Complete results for all main effects on advertisement credibility are presented in Table 3 (upper panel). There were no significant main effects of emotional arousal condition or age group on ratings of advertisement credibility, all ps≥.201.

Table 3. Ratings of Advertisement Credibility across Emotional Arousal Conditions in Older and Younger Adult Responders.

Predictor Unstd. Coeff. SE t p
Main Effects Model
Intercept (γ00) 3.95 0.23 17.17 < .001
HAP vs. LA (γ01) 0.07 0.20 0.35 .726
HAN vs. LA (γ02) 0.23 0.22 1.07 .289
Younger vs. Older Adults (γ03) 0.26 0.20 1.29 .201
Race (γ04) -0.08 0.22 -0.38 .703
Education Level (γ05) 0.04 0.04 1.09 .279
Shipley Score (γ06) -0.04 0.02 -1.70 .091

Interactive Effects Model
Intercept (γ00) 4.12 0.24 17.03 < .001
HAP vs. LA in Older Adults (γ01) -0.18 0.29 -0.63 .528
HAN vs. LA in Older Adults (γ02) -0.03 0.27 -0.10 .920
Younger vs. Older Adults in LA (γ03) -0.07 0.27 -0.26 .797
HAP vs. LA by Younger vs. Older Adults (γ04) 0.50 0.42 1.18 .240
HAN vs. LA by Younger vs. Older Adults (γ05) 0.53 0.43 1.23 .220
Race (γ06) -0.09 0.22 -0.41 .681
Education Level (γ07) 0.05 0.04 1.45 .151
Shipley Score (γ08) -0.04 0.02 -1.72 .088

Note. HAP=high-arousal positive emotion condition; HAN=high-arousal negative emotion condition; LA=low arousal condition; SE=standard error. Results reflect two multilevel models: main effects model (upper panel) and interactive effects model (lower panel). Predictors are listed at Level 2.

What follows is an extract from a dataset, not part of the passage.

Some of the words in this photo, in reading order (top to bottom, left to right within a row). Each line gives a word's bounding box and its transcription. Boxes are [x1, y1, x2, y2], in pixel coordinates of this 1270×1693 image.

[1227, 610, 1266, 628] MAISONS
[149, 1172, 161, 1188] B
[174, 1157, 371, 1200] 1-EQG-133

We next examined potential interactive effects of emotional arousal condition and age group by specifying the following Level 2 models (participant level; same equation used for advertisement credibility and purchase intention):

β0j=γ00+γ01(HAP Condition)+γ02HAN Condition)+γ03(Younger Adults)+γ04(HAP Condition×Younger Adults)+γ05(HAN Condition×Younger Adults)+γ06(Race)+γ07(Education Level)+γ08(Shipley Score)+u0j

Here, due to the addition of interactive effects, γ00 represents the mean rating for older adults in the LA condition, γ01 denotes the difference in mean rating between older adults in the LA condition and older adults in the HAP condition, γ02 denotes the difference in mean rating between older adults in the LA condition and older adults in the HAN condition, and γ03 denotes the difference in mean rating between older and younger adults in the LA condition. γ04 denotes the interaction between HAP condition (vs. LA condition) and younger (vs. older) adults, and γ05 denotes the interaction between HAN condition (vs. LA condition) and younger (vs. older) adults. All other effects parallel the previous models. All effects control for all other Level 2 variables.

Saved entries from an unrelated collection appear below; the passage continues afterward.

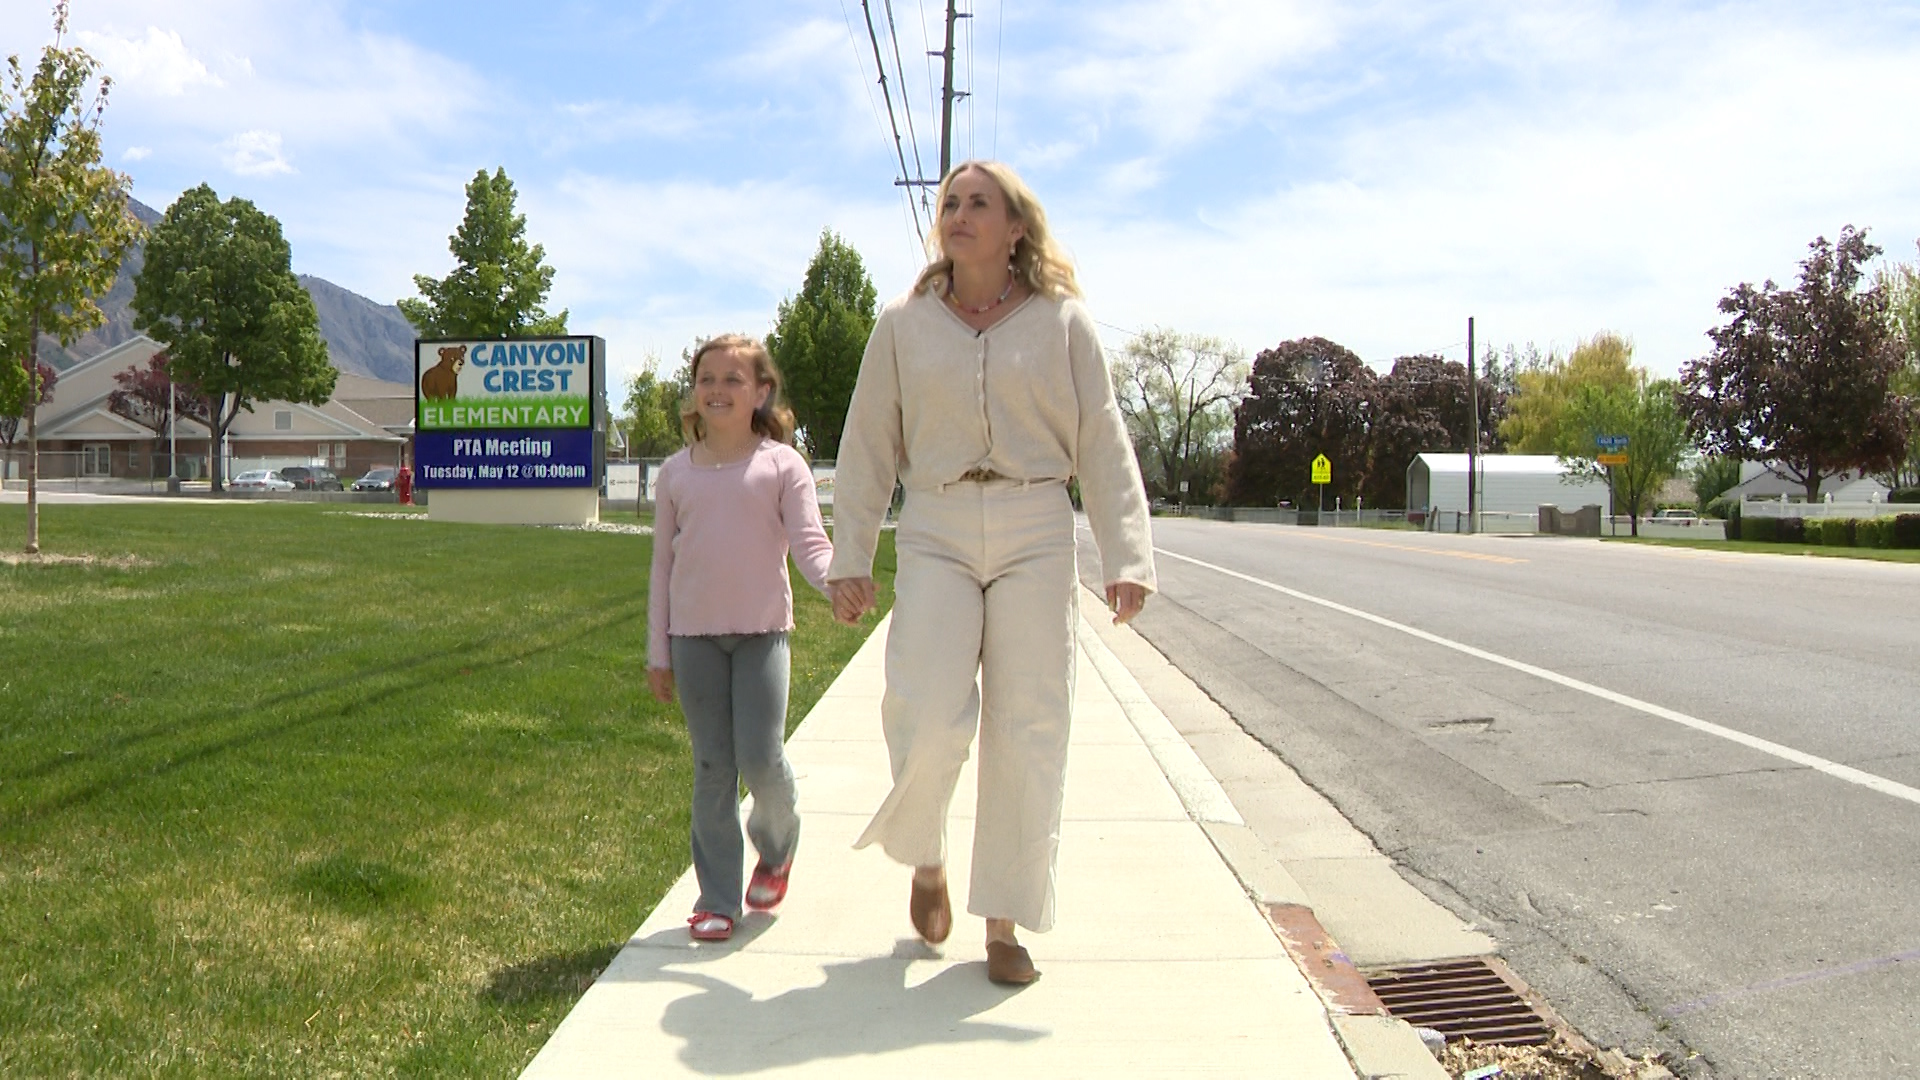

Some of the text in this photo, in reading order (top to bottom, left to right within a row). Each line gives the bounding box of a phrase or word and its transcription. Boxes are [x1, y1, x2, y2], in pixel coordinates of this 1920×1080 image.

[471, 343, 585, 367] CANYON
[483, 369, 573, 393] CREST
[423, 405, 584, 426] ELEMENTARY
[453, 437, 552, 458] PTA Meeting
[478, 464, 503, 480] May
[505, 464, 519, 478] 12
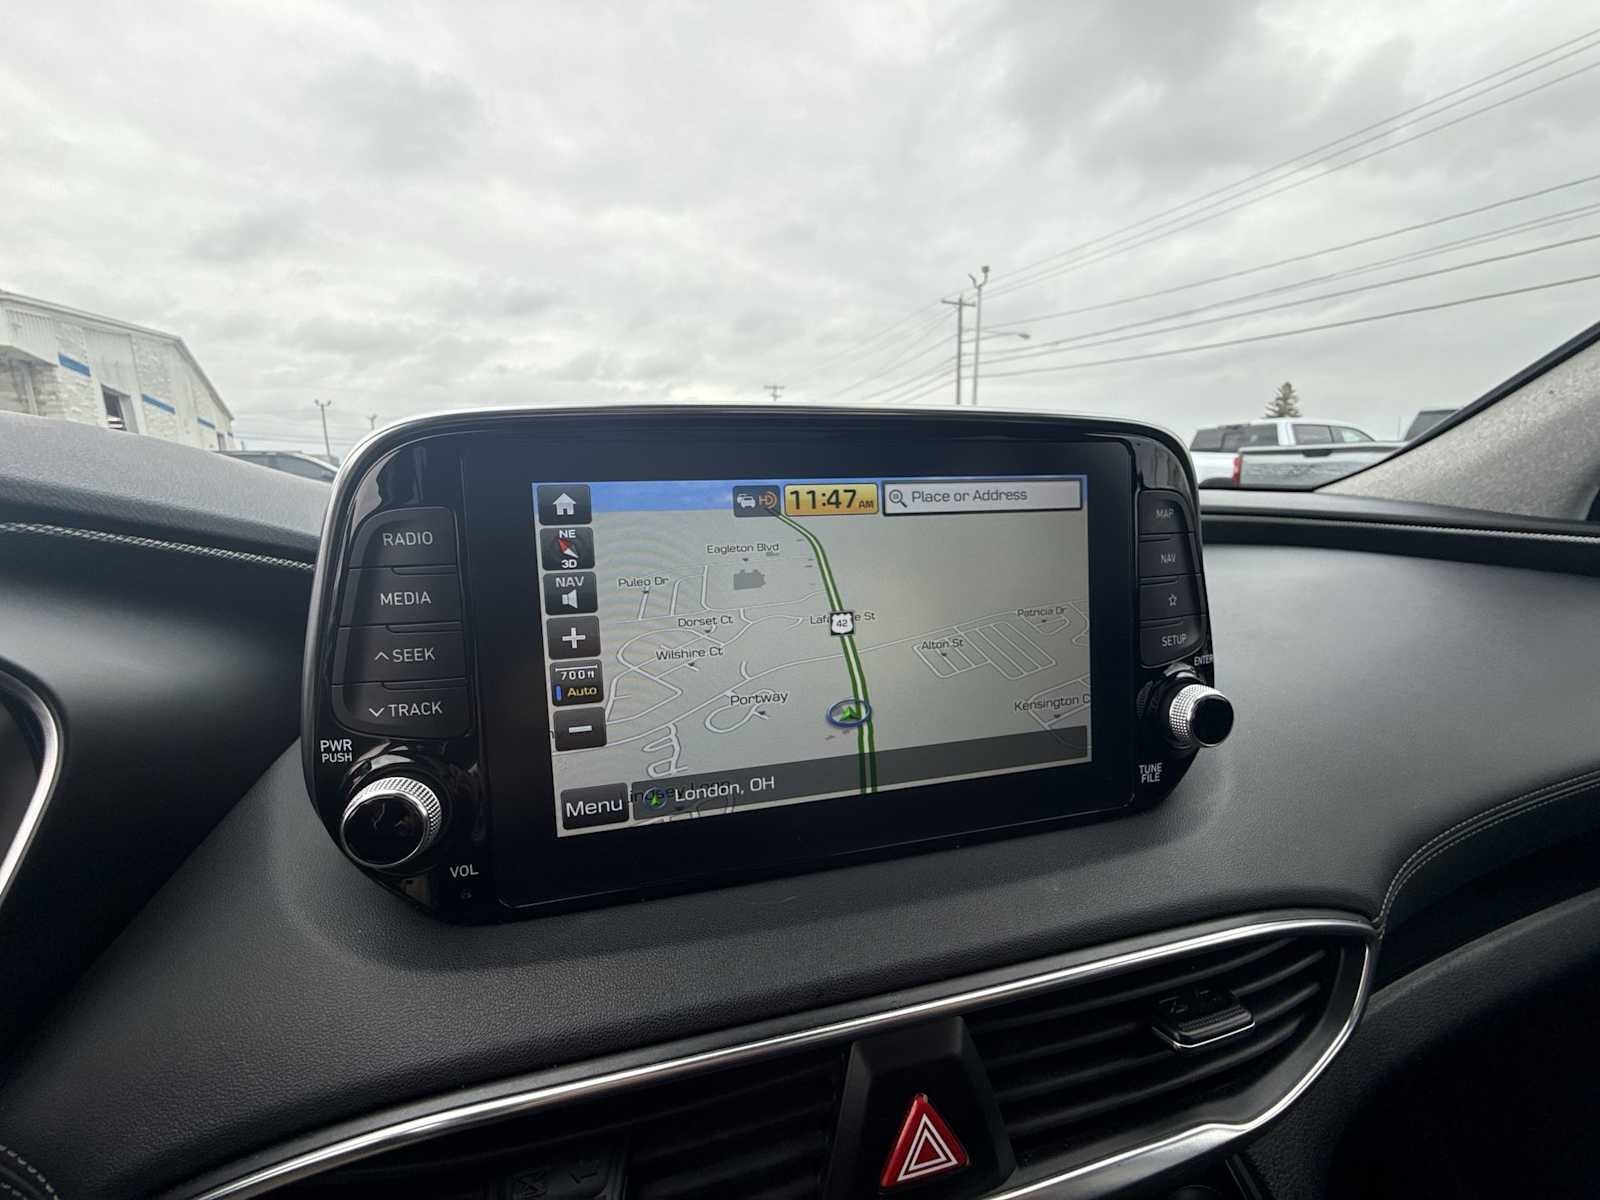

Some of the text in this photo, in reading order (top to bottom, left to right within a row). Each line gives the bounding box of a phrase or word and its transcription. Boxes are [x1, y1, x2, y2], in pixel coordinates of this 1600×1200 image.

[789, 488, 874, 511] 11:47 AM
[911, 489, 1028, 503] Place or Address
[1155, 508, 1174, 520] MAP
[382, 531, 433, 547] RADIO
[559, 529, 576, 539] NE
[706, 542, 780, 556] Eagleton Blvd
[561, 559, 577, 569] 3D
[1160, 553, 1176, 565] NAV
[555, 576, 584, 588] NAV
[618, 576, 669, 588] Puleo Dr
[380, 591, 431, 606] MEDIA
[864, 611, 876, 621] St
[1017, 605, 1067, 617] Patricia Dr
[677, 615, 734, 628] Dorset Ct
[836, 619, 848, 628] 42
[921, 638, 964, 650] Alton St
[1161, 633, 1187, 647] SETUP
[392, 648, 435, 663] SEEK
[655, 646, 724, 661] Wilshire Ct
[567, 686, 598, 698] Auto
[730, 691, 789, 707] Portway
[1014, 695, 1080, 712] Kensington
[387, 701, 443, 718] TRACK
[320, 738, 353, 752] PWR
[321, 752, 353, 764] PUSH
[1138, 762, 1163, 774] TUNE
[1140, 772, 1161, 784] FILE
[674, 782, 745, 803] London,
[749, 775, 776, 792] OH
[565, 799, 624, 819] Menu
[449, 864, 480, 879] VOL

Complete results for these effects on purchase intention are presented in Table 2 (lower panel) and Figure 2. As shown, there were significant simple effects of emotional arousal condition on ratings of purchase intention in older adults. As predicted, relative to older adults in the LA condition, older adults in both the HAP condition, p=.034, and HAN condition, p=.021, reported greater intention to purchase the advertised items. In a follow-up model that used older adults in the HAP condition as the referent group, there was no significant difference between older adults in the HAP condition and older adults in the HAN condition, p=.784. Also contrary to predictions, there was no significant interaction between HAP condition (vs. LA condition) and younger adults (vs. older adults), p=.766, or between HAN condition (vs. LA condition) and younger adults (vs. older adults), p=.498. That is, the effects of emotional arousal condition in the two age groups were not significantly different from one another. Supplementary analyses with younger adults as the referent group (as opposed to older adults as above) are presented in the Supplemental Material.

Figure 2.

Figure 2

Mean ratings of purchase intention across blocks in older and younger adult responders across emotional arousal conditions. Data represent unstandardized coefficients and standard errors from multilevel models of interactive effects controlling for covariates. HAP=high-arousal positive emotion condition; HAN=high-arousal negative emotion condition; LA=low arousal condition. Error bars denote ± 1 standard error.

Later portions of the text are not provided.